**Problem**
Where a record contains an image, leave the image out and print the rest exactly.

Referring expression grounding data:
BEGIN

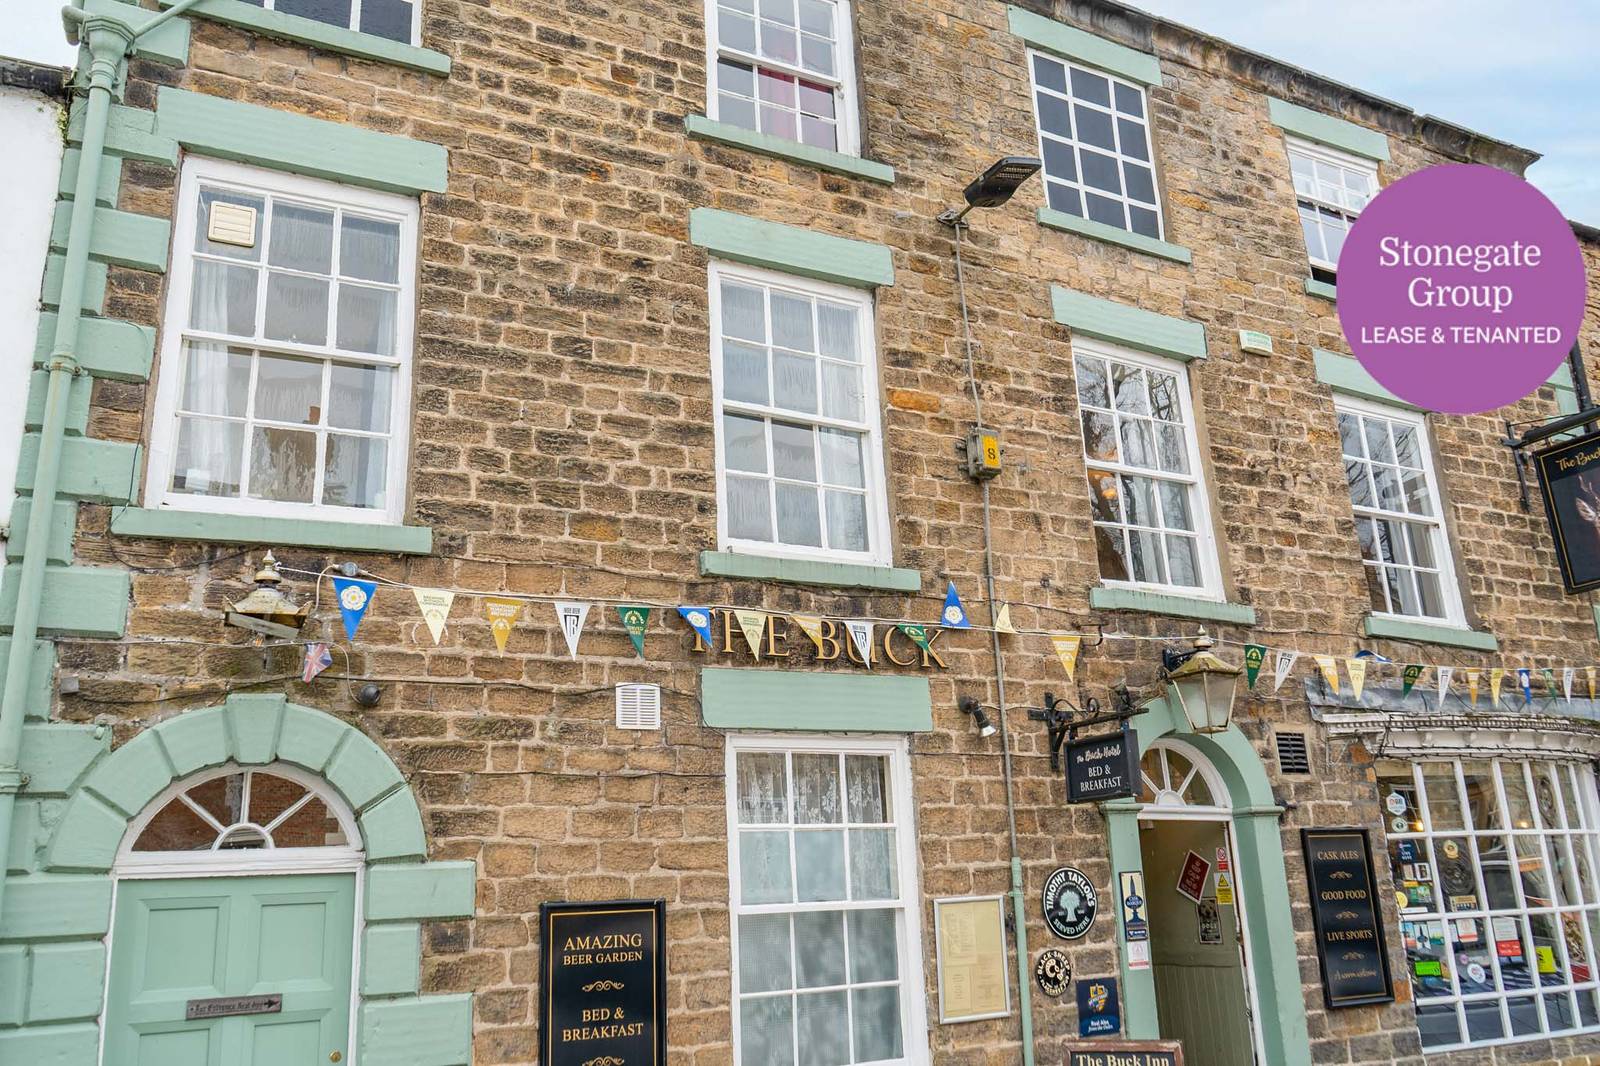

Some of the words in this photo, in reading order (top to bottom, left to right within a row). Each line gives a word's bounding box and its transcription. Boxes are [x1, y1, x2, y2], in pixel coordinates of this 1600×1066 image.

[1555, 457, 1576, 471] The
[816, 620, 949, 668] BUCK
[1088, 766, 1102, 777] BED
[1104, 764, 1111, 775] &
[1080, 776, 1121, 791] BREAKFAST
[1317, 850, 1338, 860] CASK
[1340, 849, 1359, 860] ALES
[1046, 872, 1066, 910] TIMOTHY
[1321, 892, 1344, 901] GOOD
[1345, 890, 1367, 900] FOOD
[1053, 918, 1076, 935] SERVED
[1075, 916, 1090, 933] HERE
[564, 933, 642, 951] AMAZING
[1327, 931, 1345, 942] LIVE
[1346, 929, 1373, 941] SPORTS
[563, 954, 593, 966] BEER
[595, 951, 643, 964] GARDEN
[1037, 951, 1051, 975] BLACK
[1053, 950, 1070, 970] SHEEP
[582, 1008, 610, 1022] BED
[613, 1006, 624, 1020] &
[562, 1022, 643, 1042] BREAKFAST
[1076, 1054, 1103, 1066] The
[1106, 1053, 1140, 1066] Buck
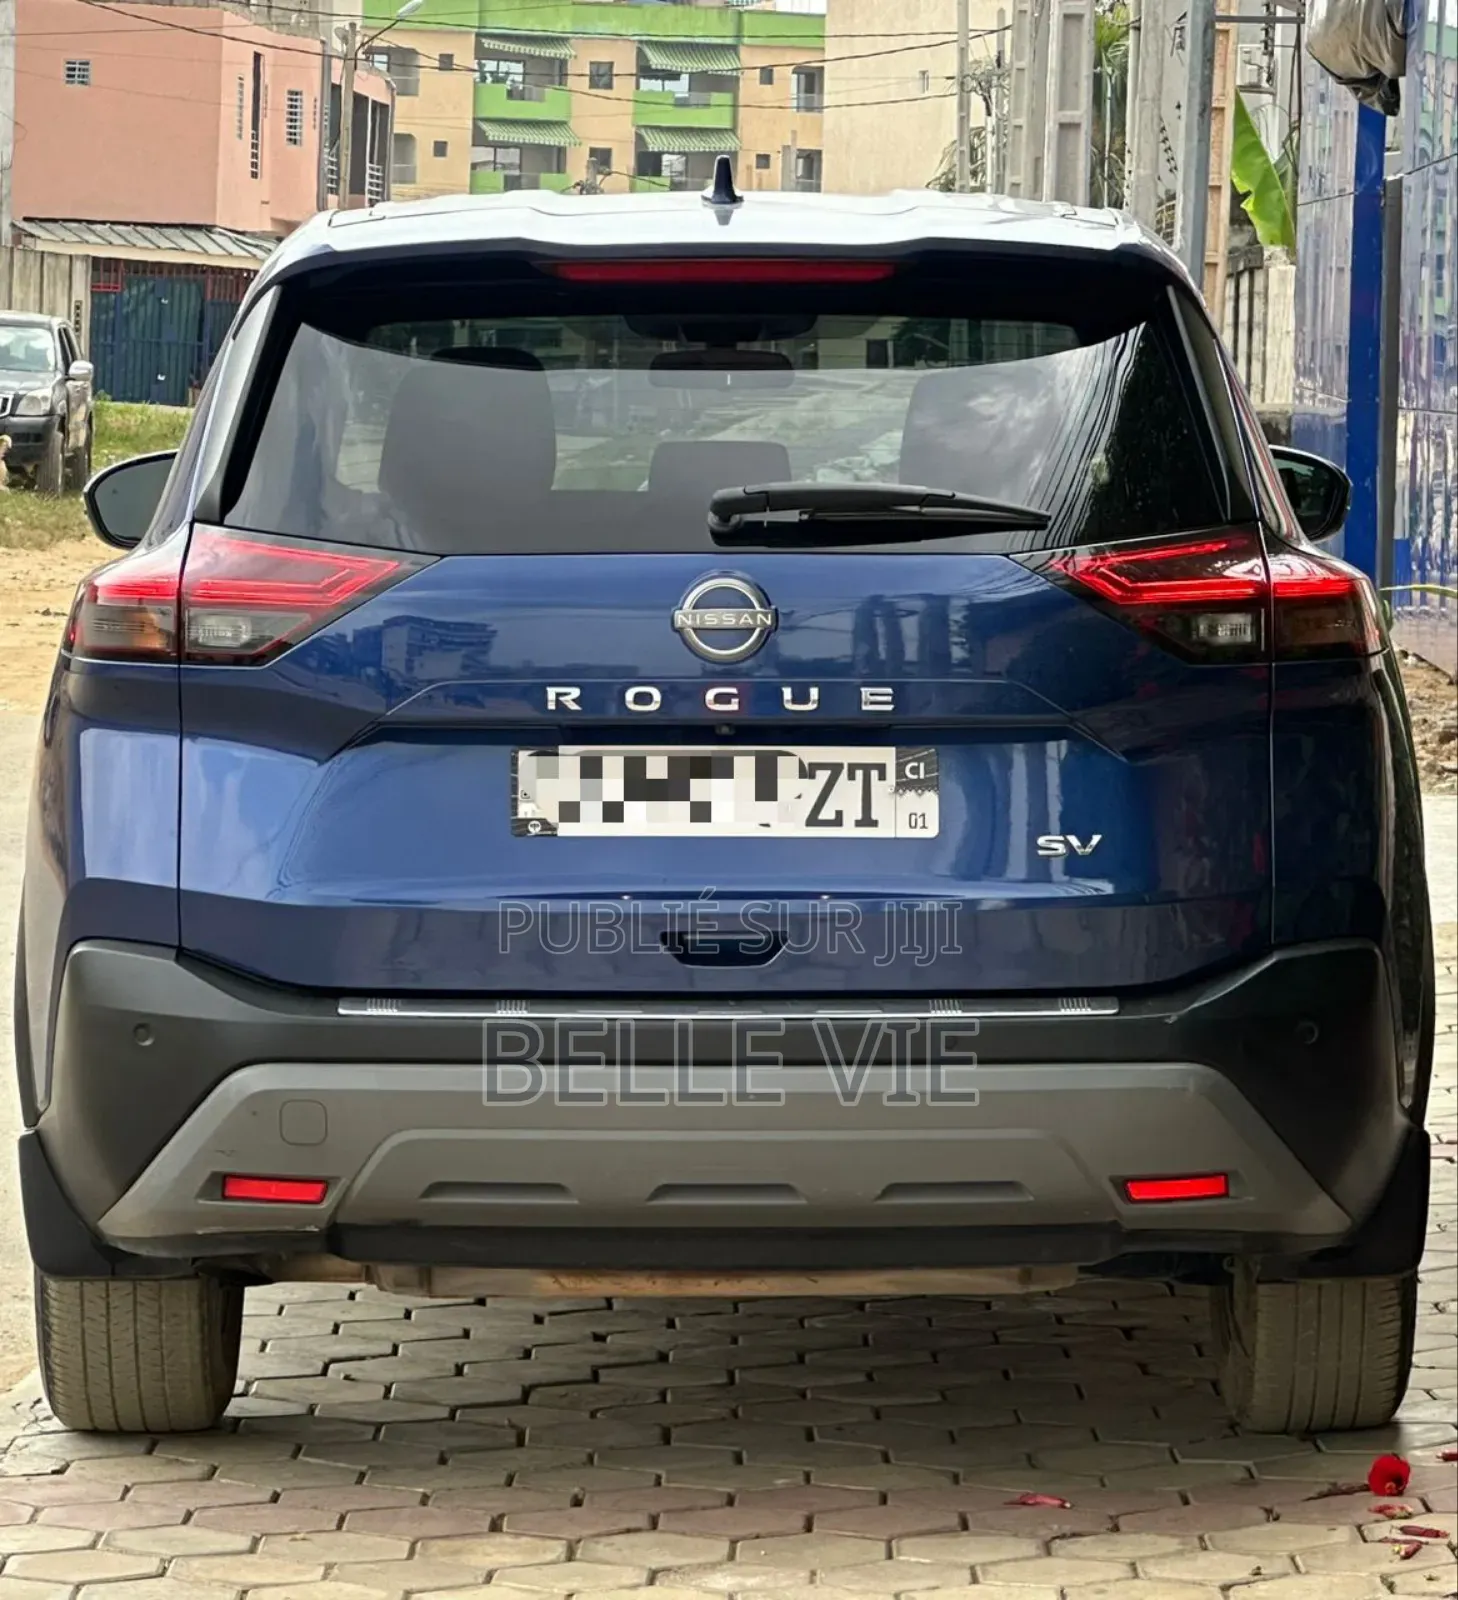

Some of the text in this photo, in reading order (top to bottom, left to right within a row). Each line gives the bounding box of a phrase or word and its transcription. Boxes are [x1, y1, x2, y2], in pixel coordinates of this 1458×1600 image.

END

**Answer to this task**
Some of the words in this photo, in reading order (top to bottom, left to right within a row). Each line gives a word's bounding box and its transcription. Boxes are [x1, y1, x2, y2], in pixel coordinates of this 1600×1066 image.

[1555, 457, 1576, 471] The
[816, 620, 949, 668] BUCK
[1088, 766, 1102, 777] BED
[1104, 764, 1111, 775] &
[1080, 776, 1121, 791] BREAKFAST
[1317, 850, 1338, 860] CASK
[1340, 849, 1359, 860] ALES
[1046, 872, 1066, 910] TIMOTHY
[1321, 892, 1344, 901] GOOD
[1345, 890, 1367, 900] FOOD
[1053, 918, 1076, 935] SERVED
[1075, 916, 1090, 933] HERE
[564, 933, 642, 951] AMAZING
[1327, 931, 1345, 942] LIVE
[1346, 929, 1373, 941] SPORTS
[563, 954, 593, 966] BEER
[595, 951, 643, 964] GARDEN
[1037, 951, 1051, 975] BLACK
[1053, 950, 1070, 970] SHEEP
[582, 1008, 610, 1022] BED
[613, 1006, 624, 1020] &
[562, 1022, 643, 1042] BREAKFAST
[1076, 1054, 1103, 1066] The
[1106, 1053, 1140, 1066] Buck

Some of the text in this photo, in reading order (top to bottom, left to right within a row). Each line gives the bounding box of a phrase or word and its transcription. Boxes are [x1, y1, x2, y2], in pixel coordinates of this 1458×1600 image.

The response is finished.